Hi, Alea,
I lost track of this board awhile ago... until somebody (you admire) pointed me here last night.
I'm not going to take the discourse to the level you suggest. Your opinion regarding my status as "captive"... while I'm sure is a heartfelt assessment... doesn't comport with facts... financial or otherwise. I just read a lot of stuff, Alea. And I try to read from ALL sides, not just the one that fits my worldview. The NSA is the easiest possible target. But... there's a whole side of their house that has nothing to do with SigInt (spookiness)... and everything to do with defending networks and systems.
I did just notice you asked about Richard Stiennon on the iHUB board.
So allow me to tell you what I know about Richard:
* I met Richard four years ago for breakfast here in Austin. He is, personally, a very likeable guy. He is a complete gentleman. Like a lot of folks in Michigan, he's had some tough times. But he has a following... especially among the broader security vendor community... to whom he markets his services. (That's what former Gartner analysts do.) Until the recent conference, Richard had a paid-for relationship with Wave. (It is my theory that Richard has had a very tough time endorsing Trusted Computing because he has so many clients who, broadly speaking, have no Trusted Computing involvement. Or are TC competitors. But that's a theory.)
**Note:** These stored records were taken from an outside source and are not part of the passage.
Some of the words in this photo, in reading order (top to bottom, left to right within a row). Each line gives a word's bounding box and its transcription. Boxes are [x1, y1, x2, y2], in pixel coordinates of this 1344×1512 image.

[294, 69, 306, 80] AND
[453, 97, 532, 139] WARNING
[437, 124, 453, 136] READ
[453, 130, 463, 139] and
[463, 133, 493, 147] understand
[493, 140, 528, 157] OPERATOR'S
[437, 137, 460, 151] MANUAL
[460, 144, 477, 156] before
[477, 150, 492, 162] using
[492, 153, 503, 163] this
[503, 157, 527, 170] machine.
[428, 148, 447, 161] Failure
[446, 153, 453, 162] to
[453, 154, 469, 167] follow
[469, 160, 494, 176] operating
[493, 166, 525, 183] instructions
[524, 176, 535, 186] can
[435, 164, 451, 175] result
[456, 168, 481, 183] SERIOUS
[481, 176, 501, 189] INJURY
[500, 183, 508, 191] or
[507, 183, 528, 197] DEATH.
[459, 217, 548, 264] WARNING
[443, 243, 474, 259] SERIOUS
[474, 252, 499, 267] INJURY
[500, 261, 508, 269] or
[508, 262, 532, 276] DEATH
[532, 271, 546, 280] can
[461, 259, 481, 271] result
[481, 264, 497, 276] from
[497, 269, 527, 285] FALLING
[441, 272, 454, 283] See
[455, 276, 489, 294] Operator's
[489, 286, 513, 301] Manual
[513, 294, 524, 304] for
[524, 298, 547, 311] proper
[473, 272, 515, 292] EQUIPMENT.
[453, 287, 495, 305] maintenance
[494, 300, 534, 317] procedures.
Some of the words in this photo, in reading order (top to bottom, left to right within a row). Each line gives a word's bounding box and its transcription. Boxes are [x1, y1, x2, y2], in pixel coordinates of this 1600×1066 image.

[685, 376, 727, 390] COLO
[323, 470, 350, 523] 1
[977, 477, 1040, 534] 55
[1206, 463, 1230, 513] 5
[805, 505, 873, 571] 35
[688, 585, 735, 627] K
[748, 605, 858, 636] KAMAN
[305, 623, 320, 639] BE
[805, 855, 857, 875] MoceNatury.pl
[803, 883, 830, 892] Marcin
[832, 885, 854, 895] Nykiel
* I think--and this is my opinion only--that Richard falls into the Libertarian camp known as "anarcho-capitalists." It's my understanding that that is about as fringe as Libertarians go. That may not be quite right, i.e. the label for Richard's beliefs. But at the recent conference Richard informed me (among other items) that he does not believe there is something called "money laundering." There's just money... flowing. Further he said that Scott Charney at Microsoft was suspect... because Charney is a former government employee. (Richard does believe that, pretty much, everything government is bad. I don't fall into that camp. But every other morning I sit at a Starbucks table with folks who are committed to that belief system.)
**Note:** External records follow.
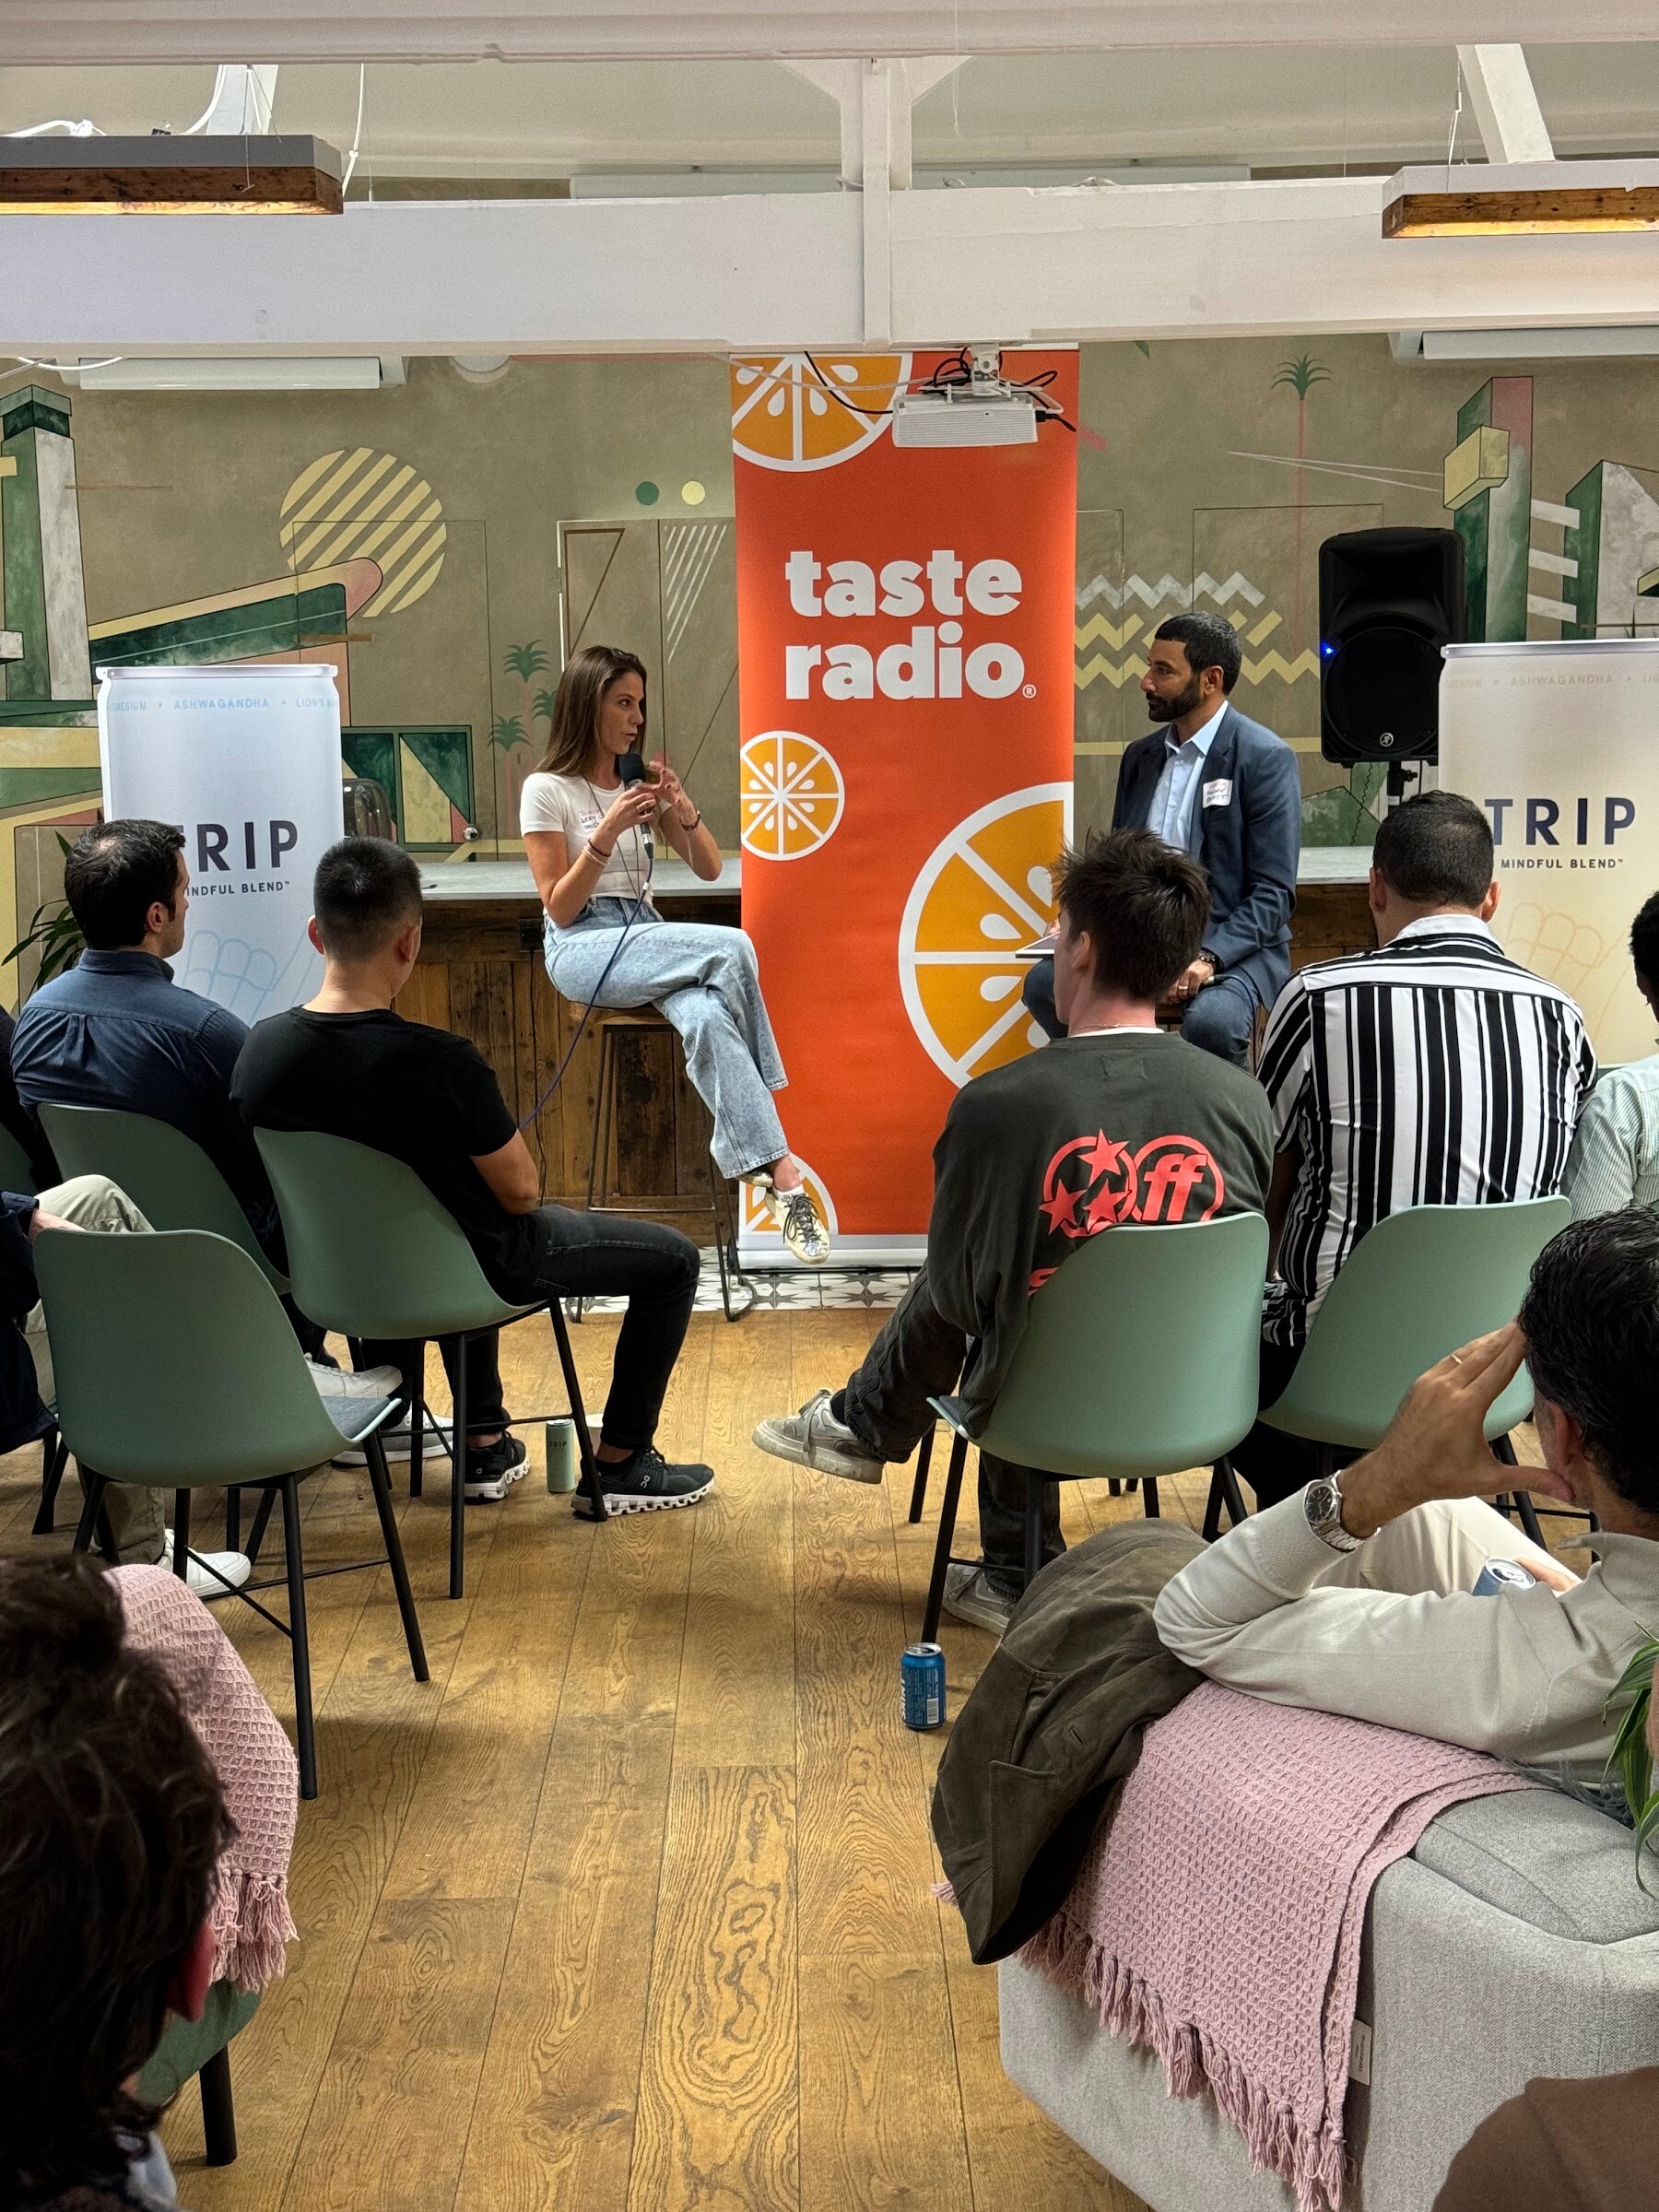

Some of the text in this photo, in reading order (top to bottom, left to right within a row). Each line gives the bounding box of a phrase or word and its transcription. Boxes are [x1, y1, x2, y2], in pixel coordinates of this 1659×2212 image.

[785, 549, 1022, 618] taste
[1510, 674, 1614, 687] ASHWAGANDHA
[173, 699, 270, 710] ASHWAGANDHA
[1484, 797, 1636, 846] TRIP
[174, 819, 298, 873] RIP
[1500, 858, 1563, 868] MINDFUL
[186, 885, 235, 897] INDFUL
* Richard is not a futurist. I'm not either. You're probably closer to that one than either Richard or me.
* To date (almost), Richard has been lukewarm (at best) about Trusted Computing... even though his services were paid for by Wave on at least a couple of occasions. He seemed to warm to Trusted Computing
just in time for the recent conference. (Again, he was not PAID to speak; though I'm pretty certain his expenses and travel were covered.) During several LinkedIn exchanges with Richard over the past 4 years, he has (more than once) been an opponent of Trusted Computing. That opposition shows itself to this day in his assessment that TC is a solution in search of a problem. (He has a point with that one. But I think it's a point that is lost on any organization having to address the Advanced Persistent Threat... BIOS-level attacks, etc.)